Anti-Immigrant Protesters Doing Nazi Salutes Disrupt Brussels Terror Memorial

 

Right-wing demonstrators protest against terrorism in front of the old stock exchange in Brussels on Sunday.

 

 

 

 

 

 

 

 

Yves Herman/Reuters

Riot police fired water cannons to disperse several hundred far-right demonstrators who violently invaded a square in Brussels that has become a memorial to the victims of last week’s terror attacks. Authorities had asked organizers to postpone a planned “March Against Fear” in Brussels. Still, hundreds gathered for a peaceful show of solidarity with the victims. That is until a group of right-wing nationalists, many of whom had their faces partially or completely covered, aggressively entered the square carrying an anti–Islamic State banner and trampled parts of the memorial.

The black-clad men chanted anti-immigrant and Nazi slogans, confronted ethnic minorities who were at the shrine, and started giving Nazi salutes. As people who had gathered to light candles at the memorial shouted, “No to hatred,” the right-wing nationalists shouted back, “This is our home.” Ten people were arrested.

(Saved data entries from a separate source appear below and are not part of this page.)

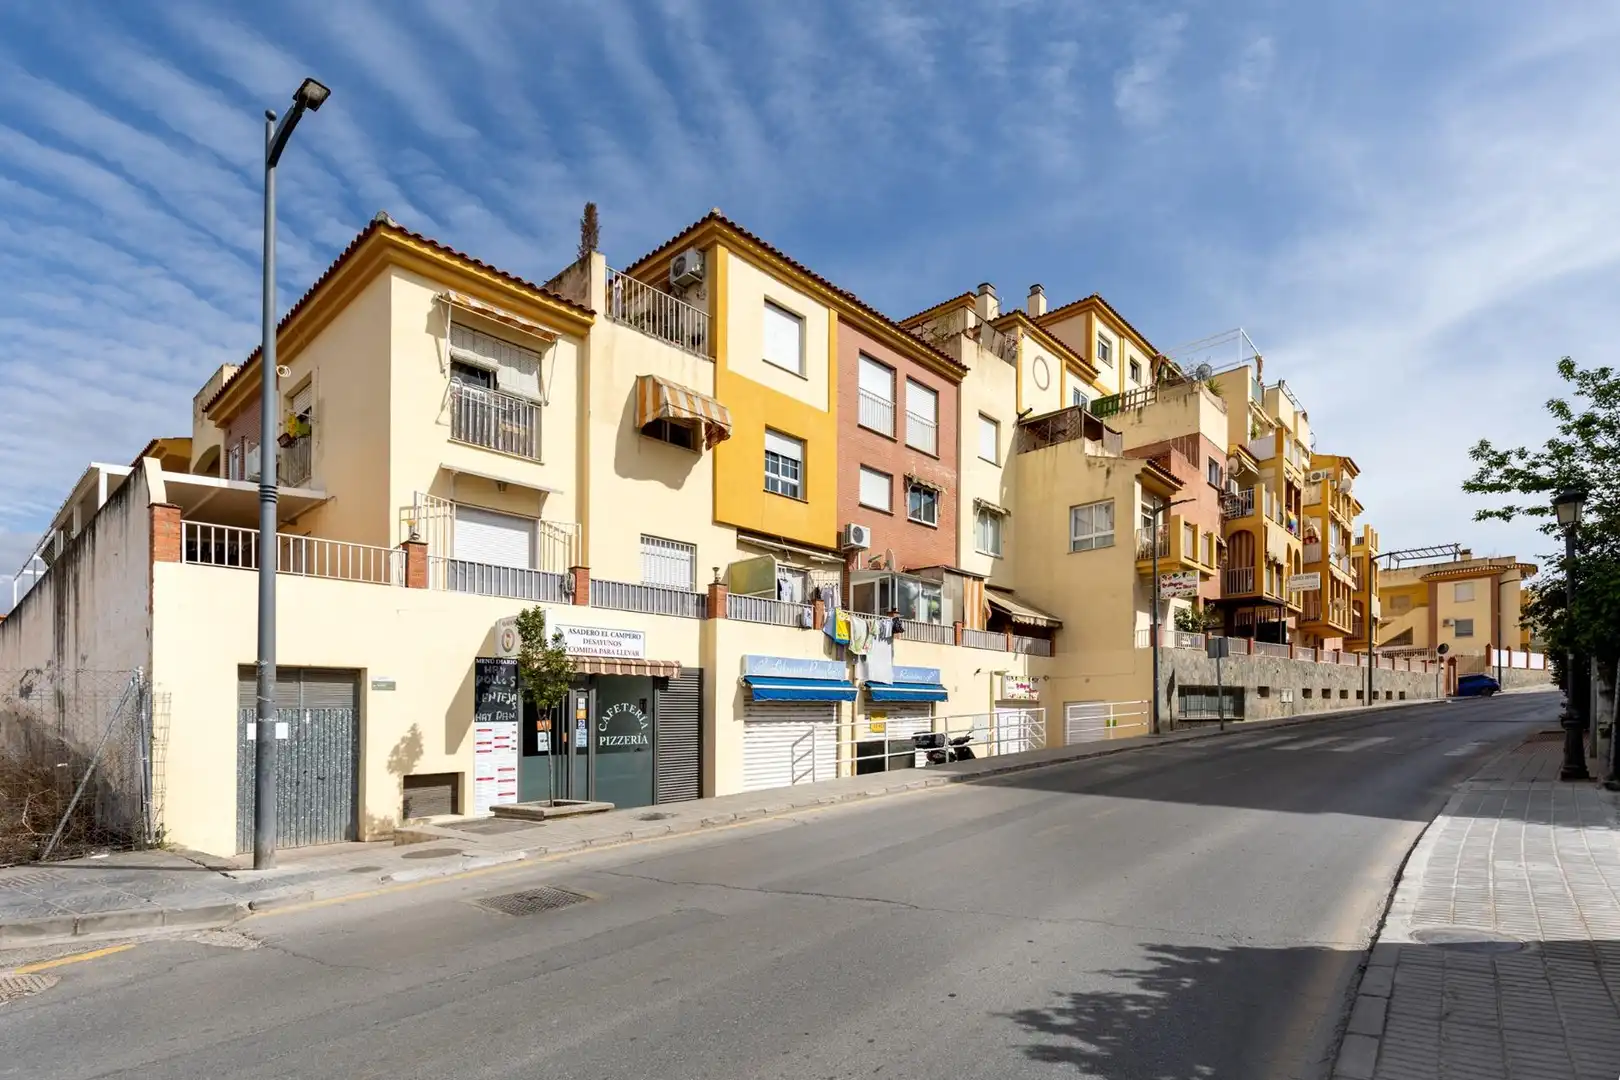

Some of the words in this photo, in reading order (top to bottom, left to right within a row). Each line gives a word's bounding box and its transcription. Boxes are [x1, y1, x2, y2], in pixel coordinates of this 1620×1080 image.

[568, 628, 600, 637] ASADERO
[610, 631, 641, 640] CAMPERO
[582, 638, 622, 647] DESAYUNOS
[568, 646, 598, 654] COMIDA
[598, 702, 648, 732] CAFETERÍA
[599, 732, 649, 746] PIZZERÍA
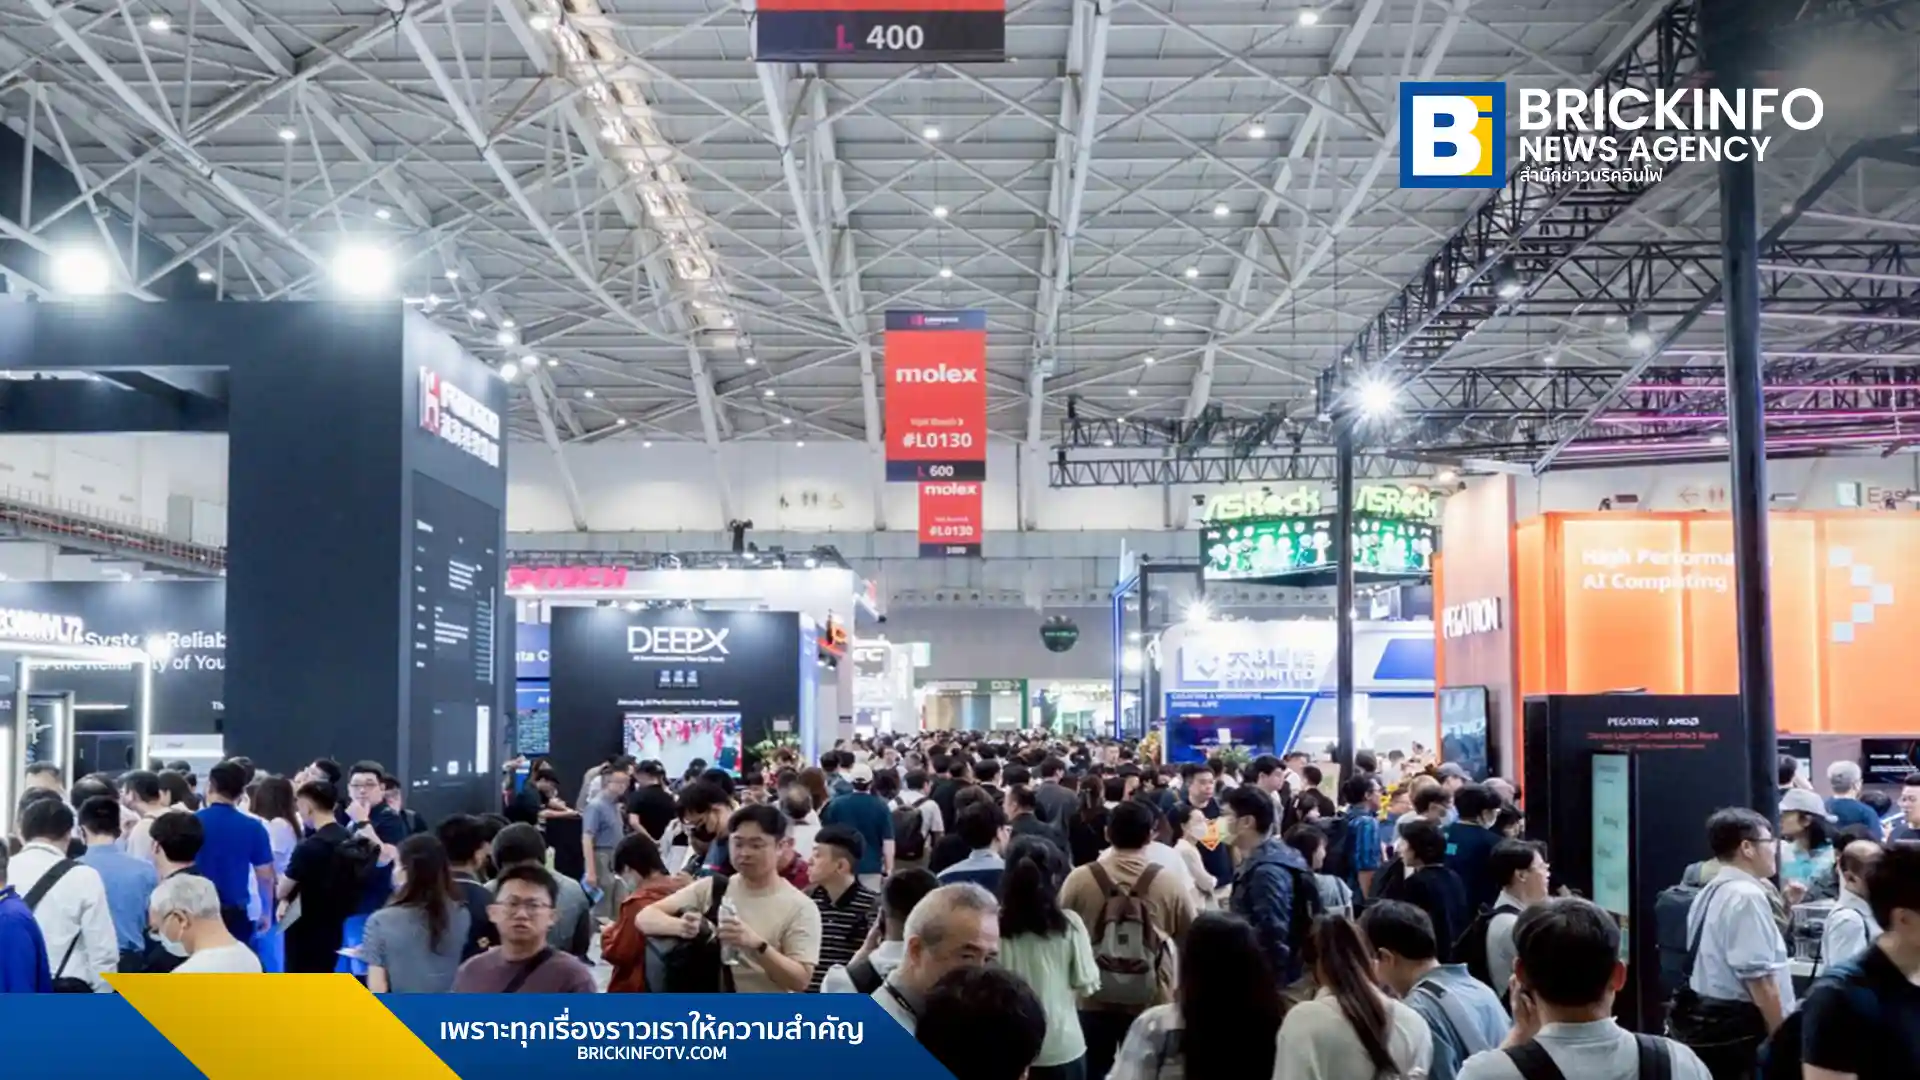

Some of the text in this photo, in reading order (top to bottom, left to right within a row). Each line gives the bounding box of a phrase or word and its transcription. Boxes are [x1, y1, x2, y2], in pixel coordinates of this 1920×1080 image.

Brussels Mayor Yvan Mayeur did not hide his disgust calling the fascist protesters “scoundrels.” “The police were not deployed to protect people from these hooligans but a whole other threat,” said Mayeur. Public broadcaster RTBF said there were as many as 1,000 hooligans who joined the anti-immigrant protest, while the Guardian puts the number of protesters at about 200.

Adam Liston, told the BBC that there had been a “really positive atmosphere” in the square earlier in the day when it had been filled by people paying tribute to the victims. “Then a bunch of skinheads just turned up, marched into the square, and started a major confrontation with the peace protesters,” he said. “They got in the face of the protesters and police. They set off flares and chanted and it was getting quite ugly.”

People gather in the Place de la Bourse to pay tribute to the 31 victims of last week’s attacks in Brussels on Sunday in Brussels.